[cups.general] Securing IPP traffic

none "matthew\" at (none)
Fri Feb 6 08:00:34 PST 2009


Thanks for the advice.

We are a Kyocera house (you won't belive it when you see how many 
drivers we use.). Some of our reports are written partly in prescribe. 
As Kyocera don't appear to support IPP it looks like we will be speaking 
to Axis. Good to know that we are on the right track though.

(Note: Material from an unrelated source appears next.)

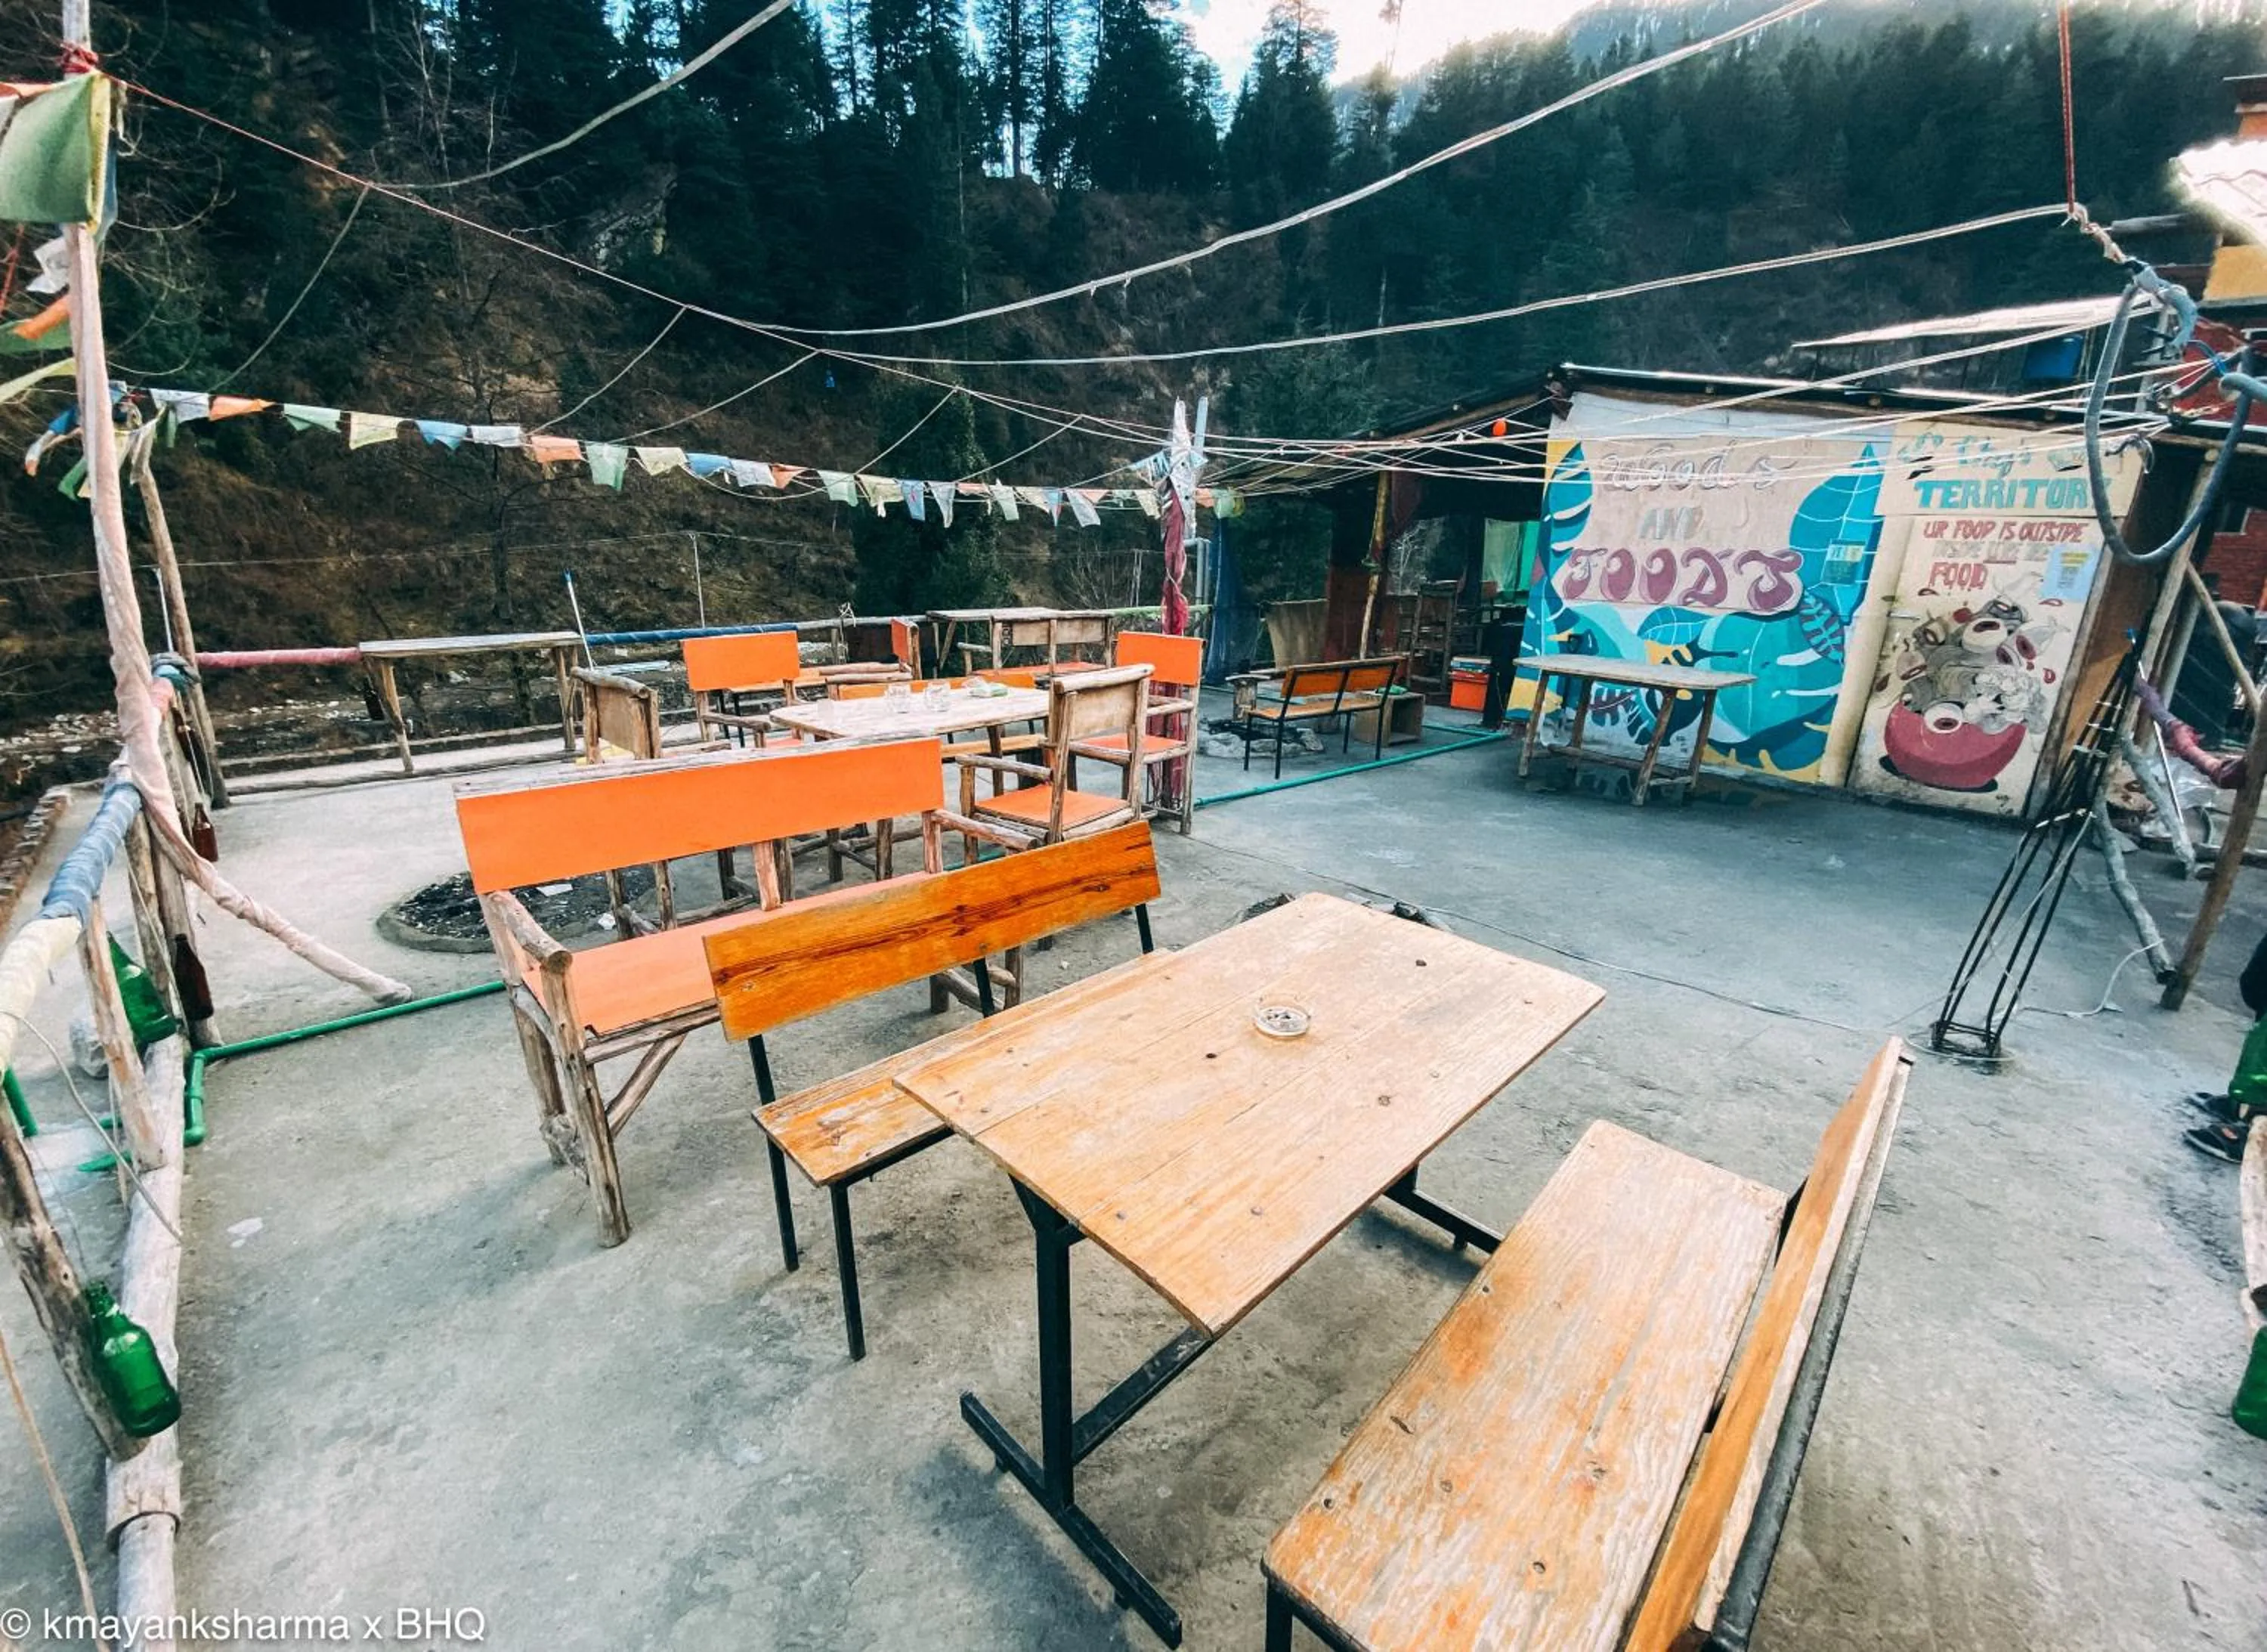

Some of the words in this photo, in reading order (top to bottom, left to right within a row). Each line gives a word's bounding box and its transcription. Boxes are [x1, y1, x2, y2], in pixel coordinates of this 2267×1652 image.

[1913, 477, 2112, 509] TERRITOR
[1999, 521, 2017, 540] IS
[1928, 561, 1988, 591] FOOD
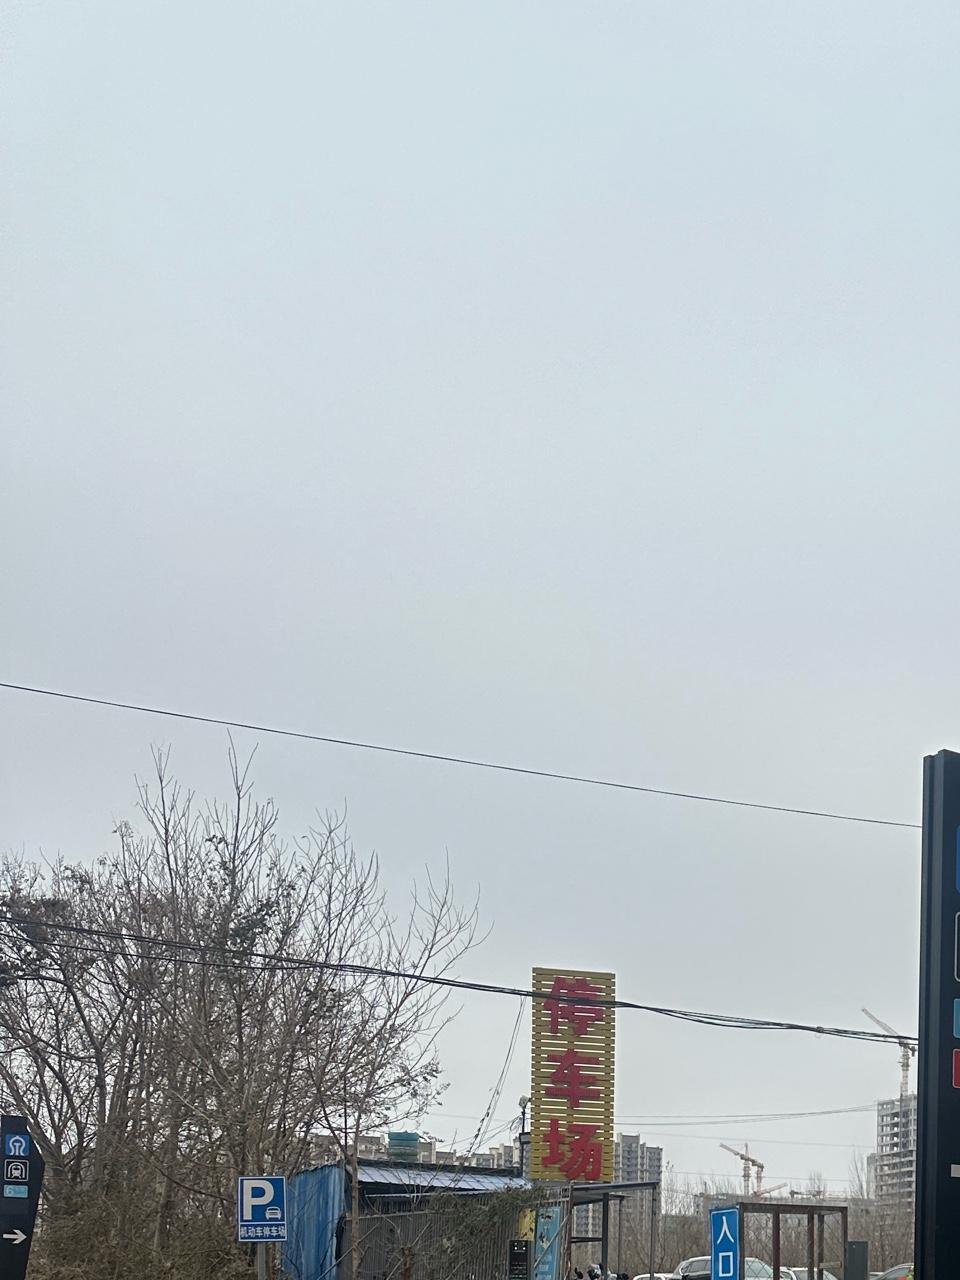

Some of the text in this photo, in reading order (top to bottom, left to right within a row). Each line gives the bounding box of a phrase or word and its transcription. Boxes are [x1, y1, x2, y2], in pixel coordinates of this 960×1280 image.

Don't suppose you know if there are any case studies for CUPS? Fail over 
clustering sort of thing.

Funny thing is that I have just said no to a much larger cups 
deployment. We have over 1100 printers being shared off a windows print 
server. Recently the server failed and we found that recovering a large 
scale windows print environment is no joke. Over 100 drivers on the 
server.. 2 days later and we are still catching problems which affect 
one or two users. Management wanted to know of alternatives. As I am the 
only UNIX guy I took two long steps backwards. No way I want to be the 
only point of support.

Cheers,

Matthew.



Michael R Sweet wrote:
> none wrote:
>> ...
>> Has anybody attempted such work?
> 
> Yes, and in general it works; the main issue is that we don't
> validate or revoke certificates so man-in-the-middle attacks are
> possible.  See:
> 
>     http://www.cups.org/documentation.php/security.html
> 
>> Any suggestions for printers / embedded print servers which support 
>> encrypted IPP?
> 
> I've seen a few non-production laser printers recently start
> supporting encryption.  I have a Brother MFC-9840 at home that does,
> and I'm pretty sure all of Brother's current network laser printers
> support encryption as well.  I've also heard that Ricoh and Xerox
> have some that do SSL/TLS, although I've not played with it.
> 
> Axis has several "professional" print servers (the 5000 series) that
> support SSL and TLS for printing via parallel/USB.